Court here rejects undue influence where no expert Estate of Mary Patricia Molinsk

IN THE MATTER OF THE
ESTATE OF MARY PATRICIA
MOLINSKI.
______________________________
Submitted January 16, 2018 Decided February 6, 2018
          Before Judges Ostrer and Whipple.
On appeal from Superior Court of New Jersey, Chancery Division, Probate Part, Essex County, Docket No. CP-0120-2016. 
unreported SUPERIOR COURT OF NEW JERSEY
                              APPELLATE DIVISION
                              DOCKET NO. A-4722-15T2

          Diana Marsh, appellant pro se.
Cammarata, Nulty & Garrigan, LLC, attorneys for respondent Edward Molinski, Executor of the Estate of Mary Patricia Molinski (John P. Nulty, Jr., on the brief).
PER CURIAM
Diana Marsh contests the 2012 will of her mother, Mary

Patricia Molinski, who died on October 22, 2015, at the age of seventy-six. Molinski had a son, Edward M. Molinski, and three daughters, Marsh, Janice Palmeri, and Donna McWilliams. The testator left her entire estate, net of expenses, to her son, and Palmeri; and nothing to Marsh and McWilliams.

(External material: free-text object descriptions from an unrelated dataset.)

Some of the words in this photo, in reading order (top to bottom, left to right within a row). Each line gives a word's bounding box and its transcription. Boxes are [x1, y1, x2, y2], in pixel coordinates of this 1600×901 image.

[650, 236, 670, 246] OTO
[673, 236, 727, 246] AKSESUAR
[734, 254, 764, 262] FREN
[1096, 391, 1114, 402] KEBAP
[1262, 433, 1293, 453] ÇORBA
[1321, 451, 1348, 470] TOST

Marsh contends Palmeri unduly influenced their mother; or, alternatively, their mother lacked testamentary capacity. After a summary hearing, see R. 4:83-1 and R. 4:67-1, the Probate Part dismissed Marsh's verified complaint with prejudice. Having carefully reviewed the record and the applicable legal principles, we affirm, substantially for the reasons set forth in Judge Walter Koprowski's thorough oral opinion.
We add the following brief comments. Marsh focuses her appellate argument on the omission of any mention of her or McWilliams in their mother's will. The will did not include a provision expressly disinheriting them. Rather, it included a bequest "to my beloved daughter, JANICE PALMERI, and my beloved son, EDWARD M. MOLINSKI, in equal shares, share and share alike, provided they survive me."1 Marsh contends the law requires that a will expressly name disinherited children, in order to be effective.

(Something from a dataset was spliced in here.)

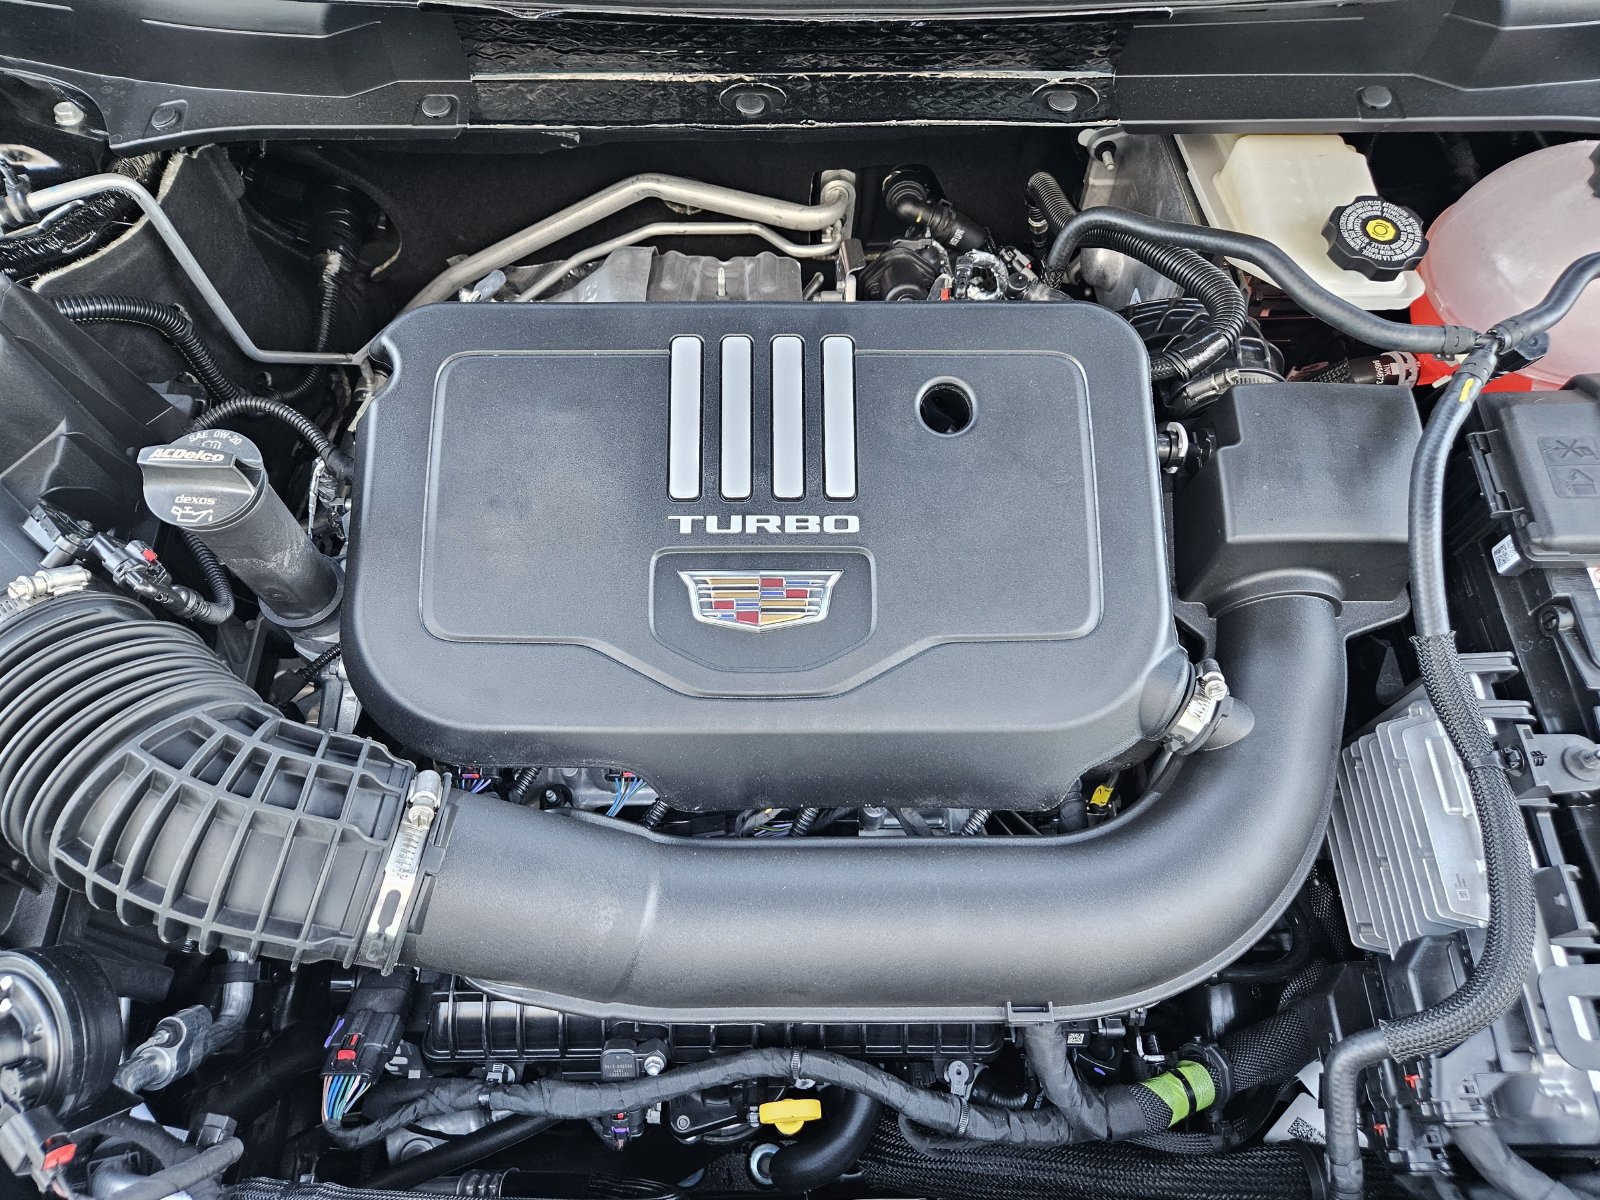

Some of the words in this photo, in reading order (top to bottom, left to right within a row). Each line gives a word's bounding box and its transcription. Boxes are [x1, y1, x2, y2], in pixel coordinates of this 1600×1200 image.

We have found no support for that assertion, and Marsh provides none. Rather, the omission of disinherited children's names in a will is at best, circumstantial evidence that the testator did not actually or freely intend to disinherit them.
1 The will also stated that if Palmeri or Molinski predeceased her which they did not then that child's share would pass per stirpes to their children, whom the testator named after describing them as "[m]y beloved grandchildren."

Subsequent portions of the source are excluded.